Doc PJ and I walk up the steep concrete steps and sit down at a short, stout table just inside the front door, close to where the Breckenridge Outdoor Education Center once kept a running tally of pre-dawn vertical feet for guys and gals like Doc. Before he can order coffee, another regular tells the barista he’ll buy breakfast for his friends and “whatever Doc is having.”

“I’ll just have a coffee and a scone,” Doc PJ says.

“That’s all when I’m buying?” the man replies. “You’re a cheap date.”

A beat.

“In that case, I’ll have 10 scones,” Doc PJ says with a smile and the two laugh before getting back to their respective morning routines.

“There’s about a dozen goofballs who are out there (on Peak 8) most mornings,” Doc PJ tells me when he sits back down, referring to friends and occasional touring partners like former town mayor John Warner. “Well, probably not that many. You might see 30 total on any given day in January and February, and maybe five or six of those that are there every day.”

You can almost guarantee that no one is there on gear as old as Doc’s - even if they happen to recognize the faded brown topsheet. He’s had the 1980 Rossignols (210 cm) since 1981, when he drove to a barn outside Steamboat and bought them from “some guy.”

“They were that first transition from true cross-country skis - it’s double camber, so you can kick and glide - but this was really made for touring,” he says between mentioning he hasn’t waxed them in about five years. “That was state-of-the-art back then. I have a lot of old guys see them, tell me, ‘Oh, I had those! I used to love those skis.’”

Attached to the vintage skis is an equally vintage pair of cable bindings, which mesh almost perfectly with his Solo Sport Extreme Pro boots. From another table, yet another regular points to the boots and says he hasn’t seen a pair in years. In fact, he says, he’s pretty sure Solo isn’t in business anymore. (The company isn’t.)

“They’re incredibly comfortable, but the one downside is the soles,” he says, pulling at the sole to show how it’s starting to separate, again. “I might have actually found these on eBay.

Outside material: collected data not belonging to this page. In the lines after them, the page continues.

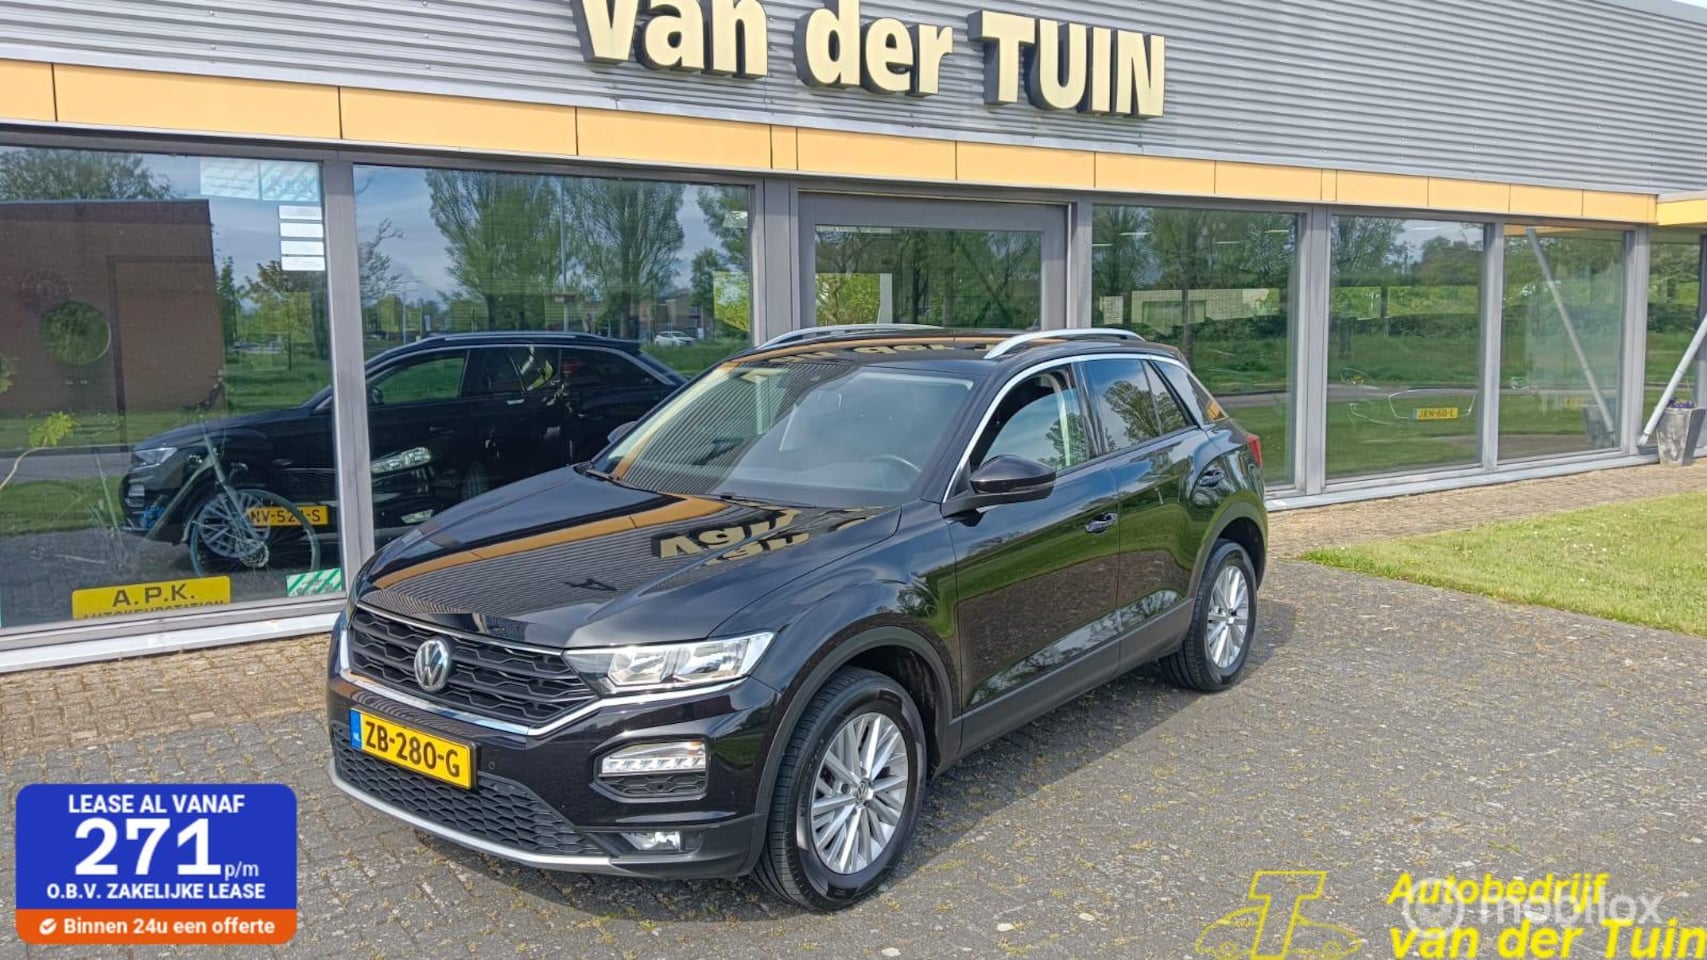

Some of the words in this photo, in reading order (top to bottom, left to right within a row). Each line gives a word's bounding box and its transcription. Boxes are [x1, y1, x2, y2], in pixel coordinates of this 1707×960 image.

[578, 0, 768, 77] van
[804, 0, 953, 95] der
[980, 9, 1166, 117] TUIN
[112, 583, 195, 607] A.P.K.
[365, 720, 460, 778] ZB-280-G
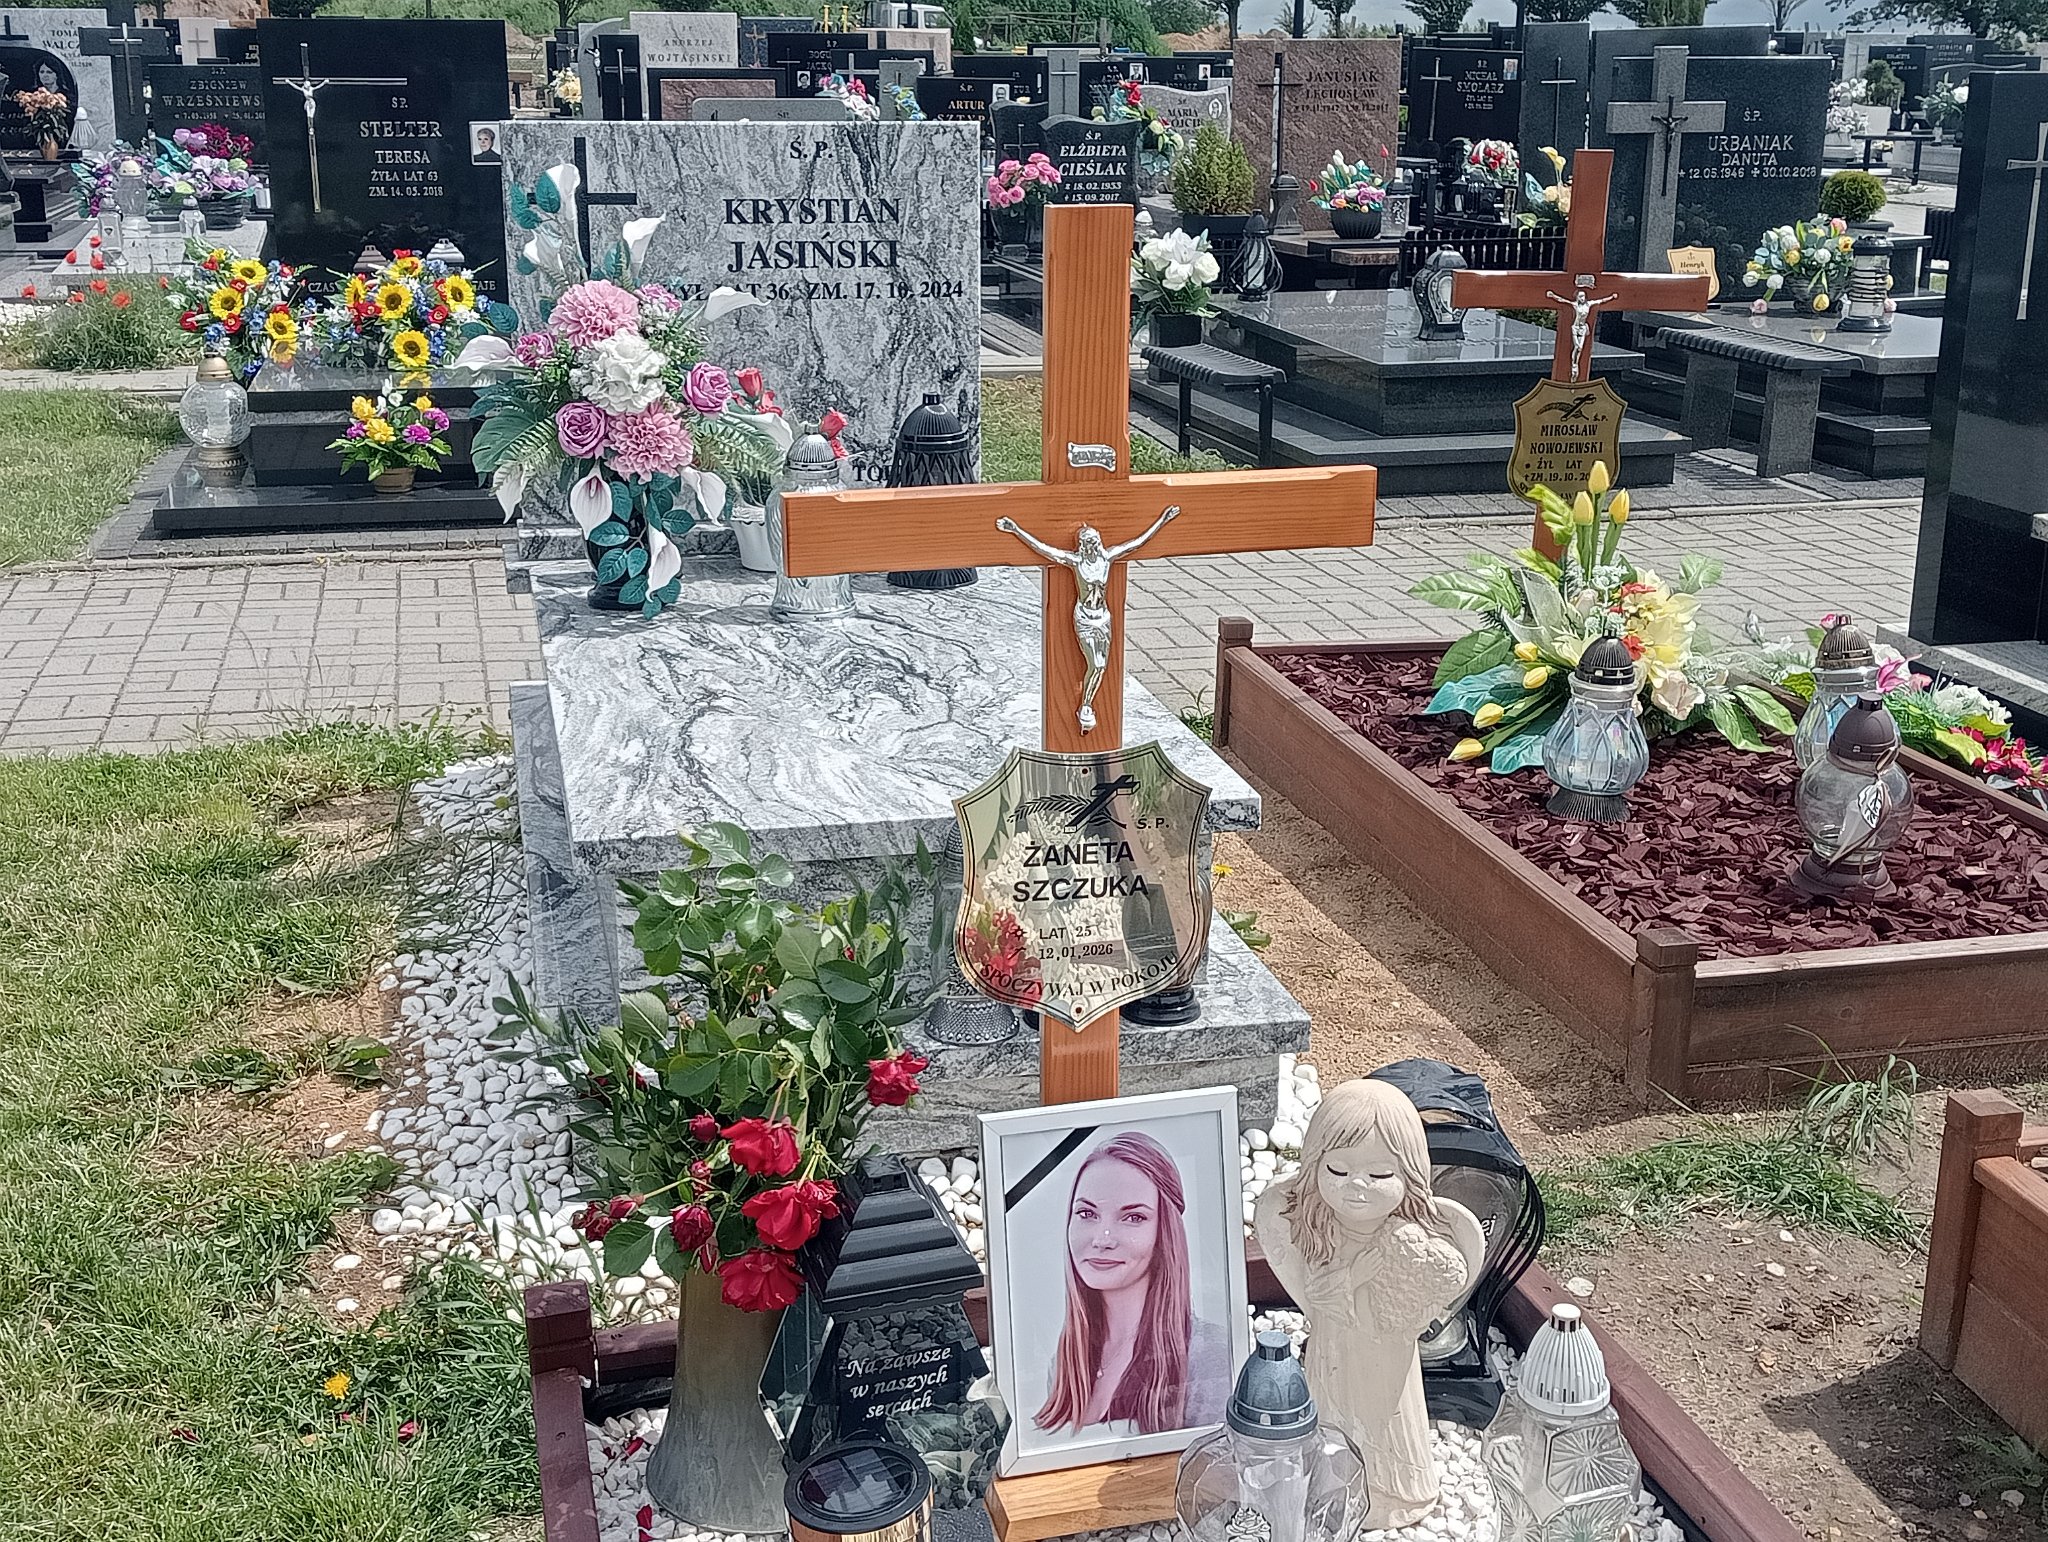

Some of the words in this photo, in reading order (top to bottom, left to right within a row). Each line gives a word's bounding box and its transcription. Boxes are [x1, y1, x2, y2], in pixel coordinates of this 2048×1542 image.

I can’t imagine I bought these new.”

Even Doc’s skins are originals: He’s had the same ‘80s-era Black Diamond skins since he bought the skis, and even though the glue is starting to separate they still work just fine.

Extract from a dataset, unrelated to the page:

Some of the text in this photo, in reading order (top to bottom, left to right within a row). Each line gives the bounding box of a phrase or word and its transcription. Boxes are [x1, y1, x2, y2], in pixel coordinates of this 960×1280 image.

“I guess I’ll just replace it all,” he tells me when I ask what happens when this gear starts to give out. “Somebody’s garage has some s - - y old stuff I can buy off them.”

But why? I wonder aloud as we finish our coffee and Doc stands to start his workday. Why travel daily - in snow, in shine, in slush, in wind - on a combined setup that’s over 100 years old?

“I think it’s just because it’s comfortable and light,” Doc says. “And you’ve got to get that last run out of them. I think if I priced it down I’m to about 10 cents a ride by now on these. I’ve made them worth it.”